Task brief: If an entry includes an image, drop the image and copy the rest verbatim.

Material for this exercise:
_ _ _ _ _ _ _
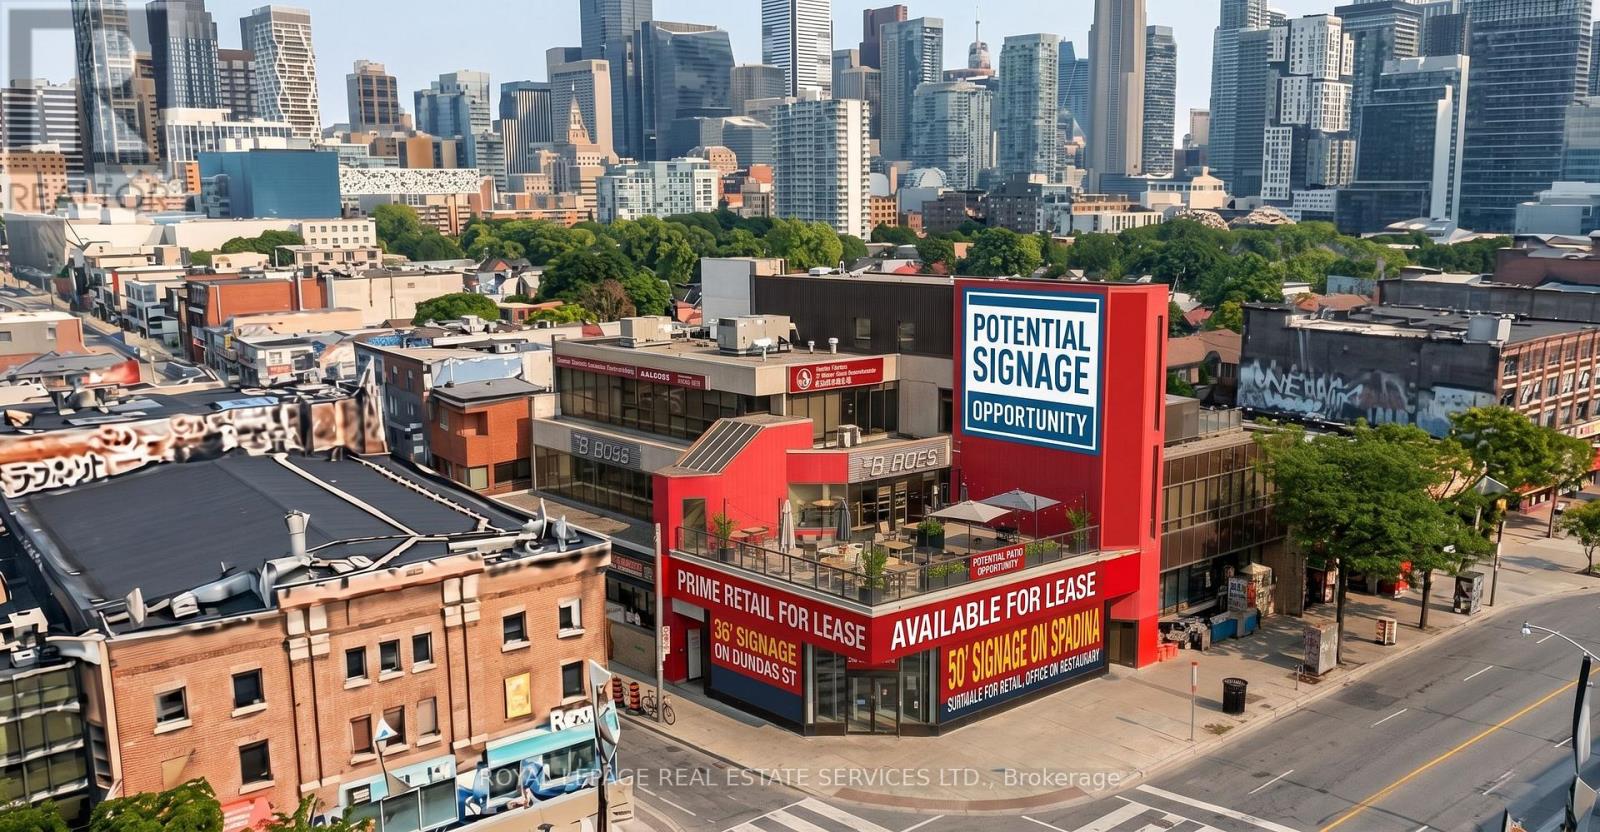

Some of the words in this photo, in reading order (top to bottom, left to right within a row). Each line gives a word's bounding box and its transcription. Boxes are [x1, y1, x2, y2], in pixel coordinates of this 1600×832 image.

[973, 313, 1091, 352] POTENTIAL
[973, 346, 1090, 395] SIGNAGE
[972, 399, 1087, 437] OPPORTUNITY
[972, 552, 1005, 567] POTENTIAL
[1006, 547, 1024, 560] PATIO
[977, 558, 1019, 576] OPPORTUNITY
[677, 569, 721, 604] PRIME
[724, 584, 775, 621] RETAIL
[778, 600, 809, 632] FOR
[813, 611, 866, 651] LEASE
[890, 595, 1001, 652] AVAILABLE
[1006, 586, 1041, 620] FOR
[1045, 571, 1097, 609] LEASE
[714, 618, 733, 642] 36'
[736, 626, 797, 667] SIGNAGE
[714, 642, 730, 663] ON
[732, 648, 780, 681] DUNDAS
[781, 666, 797, 687] ST
[948, 644, 969, 691] 50'
[972, 628, 1028, 683] SIGNAGE
[1030, 622, 1048, 664] ON
[1051, 607, 1100, 657] SPADINA
[984, 682, 999, 700] FOR
[1025, 664, 1049, 686] OFFICE
_ _ _ _ _ _ _
Reply:
Some of the words in this photo, in reading order (top to bottom, left to right within a row). Each line gives a word's bounding box and its transcription. Boxes are [x1, y1, x2, y2], in pixel coordinates of this 1600×832 image.

[973, 313, 1091, 352] POTENTIAL
[973, 346, 1090, 395] SIGNAGE
[972, 399, 1087, 437] OPPORTUNITY
[972, 552, 1005, 567] POTENTIAL
[1006, 547, 1024, 560] PATIO
[977, 558, 1019, 576] OPPORTUNITY
[677, 569, 721, 604] PRIME
[724, 584, 775, 621] RETAIL
[778, 600, 809, 632] FOR
[813, 611, 866, 651] LEASE
[890, 595, 1001, 652] AVAILABLE
[1006, 586, 1041, 620] FOR
[1045, 571, 1097, 609] LEASE
[714, 618, 733, 642] 36'
[736, 626, 797, 667] SIGNAGE
[714, 642, 730, 663] ON
[732, 648, 780, 681] DUNDAS
[781, 666, 797, 687] ST
[948, 644, 969, 691] 50'
[972, 628, 1028, 683] SIGNAGE
[1030, 622, 1048, 664] ON
[1051, 607, 1100, 657] SPADINA
[984, 682, 999, 700] FOR
[1025, 664, 1049, 686] OFFICE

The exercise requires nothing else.